14. Summary — scCS 3+ condition workflow

import scCS

# 1. Add condition column (3+ levels) to adata.obs
adata.obs["condition"] = ...     # e.g., 'control', 'drug_A', 'drug_B'
adata.obs["sample"]    = ...     # biological replicates

# 2. Initialize MultiScorer
mscorer = scCS.MultiScorer(
    adata,
    root="Ductal",
    branches=["Alpha", "Beta", "Delta", "Epsilon"],
    condition_obs_key="condition",
    obs_key="clusters",
)

# 3. Build SHARED embedding on pooled data, then fit
mscorer.build_embedding(ordering_metric="velocity_pseudotime")
mscorer.fit()
# (optional) mscorer.refit_pseudotime() — only call when the subset has
# a connected velocity_graph; otherwise stick with velocity_pseudotime.

# ── Tier 1 — score each condition ────────────────────────────────────────────
results = mscorer.score_all_conditions(cell_level=True, n_bootstrap=200)

# ── Tier 2 — omnibus + post-hoc ──────────────────────────────────────────────
omnibus_df = mscorer.compare_omnibus(results, test="kruskal")
posthoc_df = mscorer.compare_posthoc(
    results, omnibus_results=omnibus_df, method="dunn",
    pval_correction="bonferroni", pval_threshold=0.05,
)
deltas     = mscorer.compute_pairwise_deltas(n_bootstrap=100)

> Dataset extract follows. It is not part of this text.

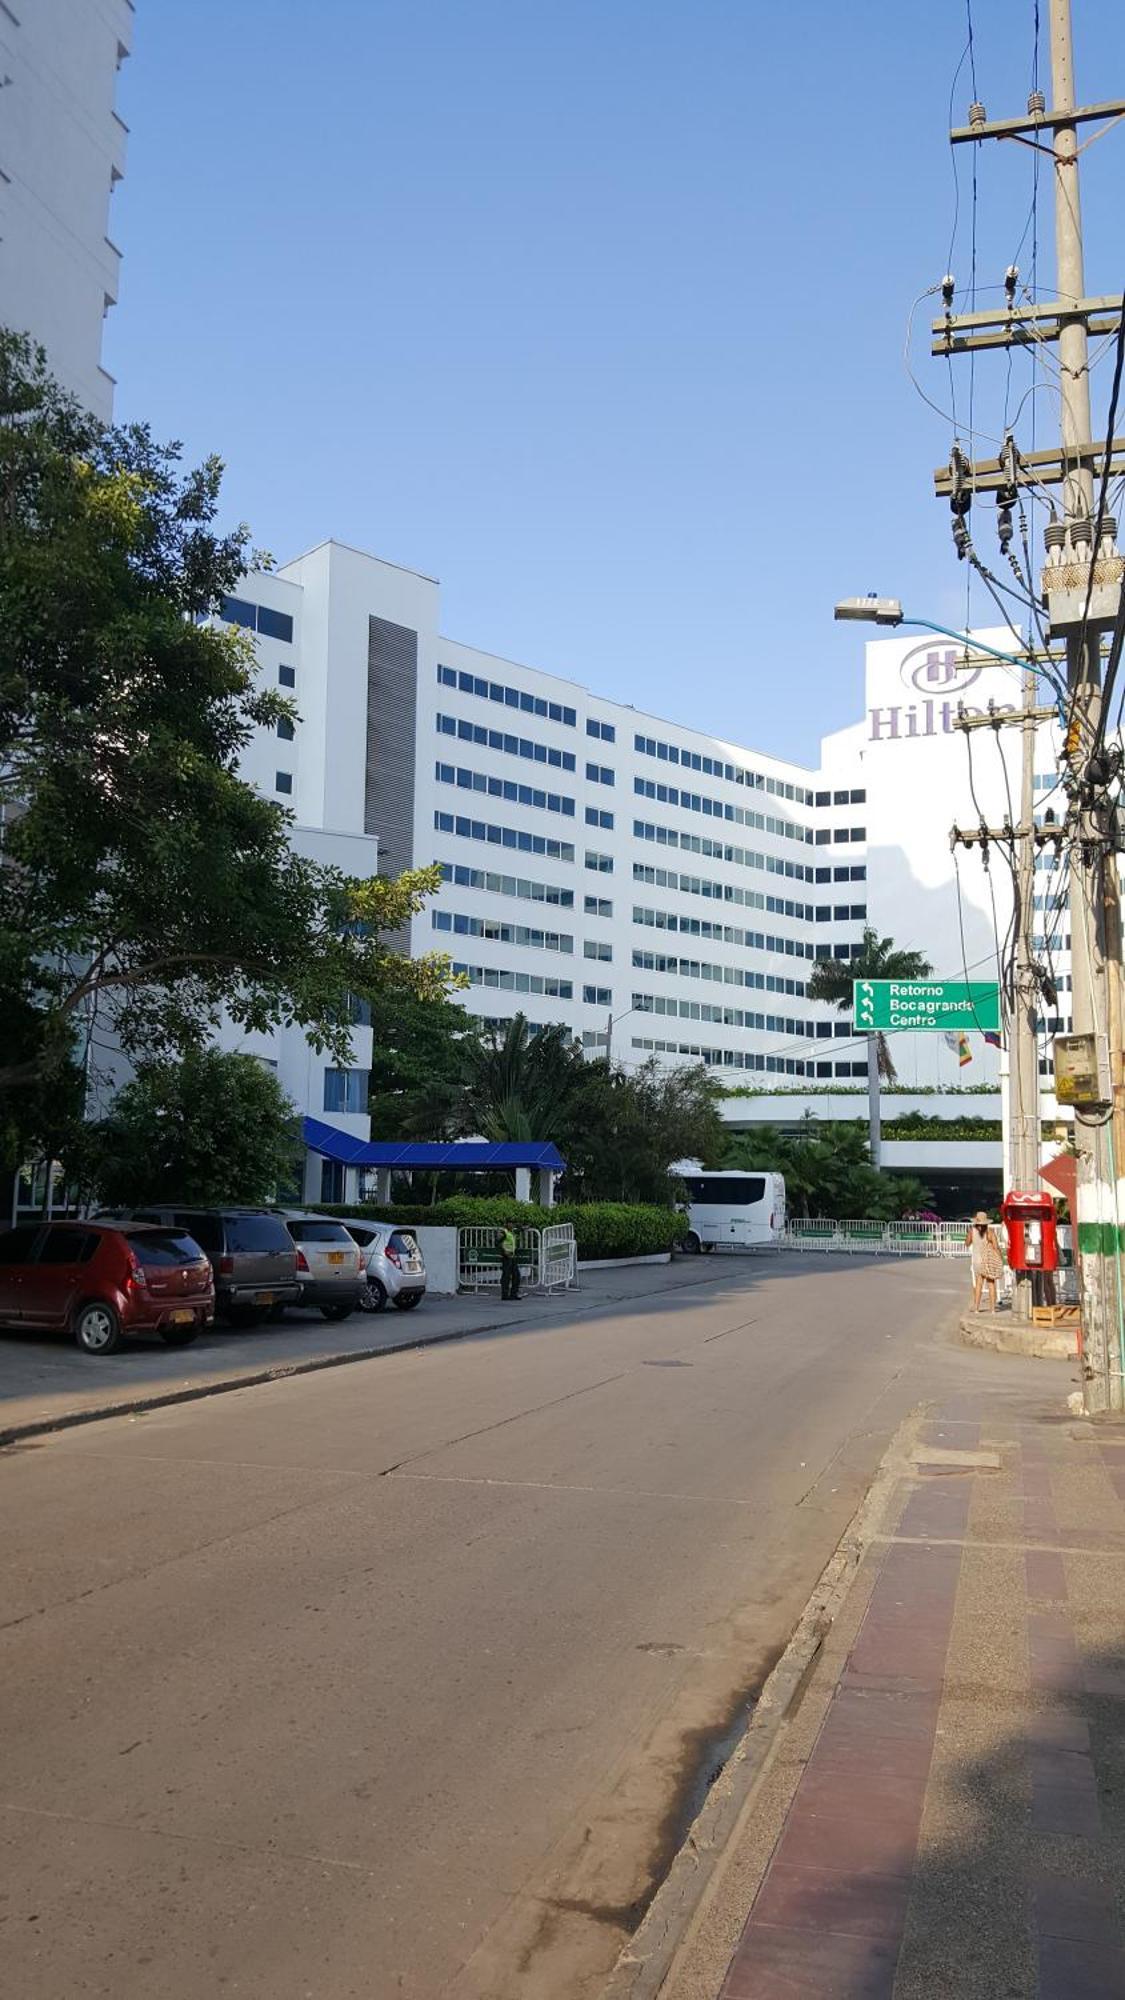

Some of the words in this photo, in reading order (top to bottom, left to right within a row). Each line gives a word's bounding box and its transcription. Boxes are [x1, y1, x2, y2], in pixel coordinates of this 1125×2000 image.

[890, 984, 944, 996] Retorno
[890, 999, 975, 1013] Bocagrande
[890, 1014, 936, 1026] Centro

# ── Tier 3 — mixed model with reference contrasts ────────────────────────────
contrasts_df = mscorer.fit_mixed_model_contrasts(
    results, ref_condition="control", replicate_key="sample"
)

# ── Visualizations ───────────────────────────────────────────────────────────
mscorer.plot_omnibus_summary(omnibus_df, results, posthoc_df=posthoc_df)
mscorer.plot_posthoc_heatmap(posthoc_df)
mscorer.plot_pairwise_delta_grid(deltas)
mscorer.plot_star_grid(results)
mscorer.plot_rose_grid(results)

# ── Downstream §10 — driver genes per condition ──────────────────────────────
# Loop conditions: mask adata_sub per condition -> get_velocity_drivers /
# get_deg_drivers -> _stack_drivers_by_condition -> one tidy table.

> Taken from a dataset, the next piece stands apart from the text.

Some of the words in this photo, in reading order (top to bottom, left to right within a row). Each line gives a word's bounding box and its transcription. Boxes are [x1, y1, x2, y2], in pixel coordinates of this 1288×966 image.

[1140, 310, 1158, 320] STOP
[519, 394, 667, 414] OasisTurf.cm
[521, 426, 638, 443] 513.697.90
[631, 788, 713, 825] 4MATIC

# ── Downstream §11 — pathway enrichment per condition ────────────────────────
# Loop conditions: run_enrichment_per_fate on each cond's DEG drivers ->
# _stack_enrichment_by_condition -> one tidy table.

# ── Downstream §12 — expression trends per condition ─────────────────────────
# Loop conditions: build a per-condition CommitmentScoreResult via
# dataclasses.replace, masking cell_scores/cell_obs_names/nn_cell_entropy
# to that condition's cells, then plot_expression_trends.

# ── Downstream §13 — transfer labels back to mscorer.adata ───────────────────
mscorer.transfer_labels(results, prefix="cs_")
# Writes cs_{condition}_{fate} + cs_{condition}_dominant_fate + cs_{condition}_entropy

Interpretation guide

Result

Interpretation

Omnibus q < 0.05 for a fate

Affinity for that fate differs across at least one condition pair

Post-hoc q < 0.05 for (a, b)

That specific condition pair drives the difference

ΔnCS CI excludes 0

Pairwise commitment shift is significant

Mixed-model contrast coef significant

Condition effect on affinity, controlling for replicate

Top driver gene in only 1 condition

Condition-specific regulator candidate

Pathway enriched in only 1 condition

Differentially activated pathway

Expression curve shifted in 1 condition

Altered developmental timing for that gene

For 2-condition comparisons see Pairwise Comparison Analysis.ipynb; for single-condition analysis see Single Condition Analysis.ipynb.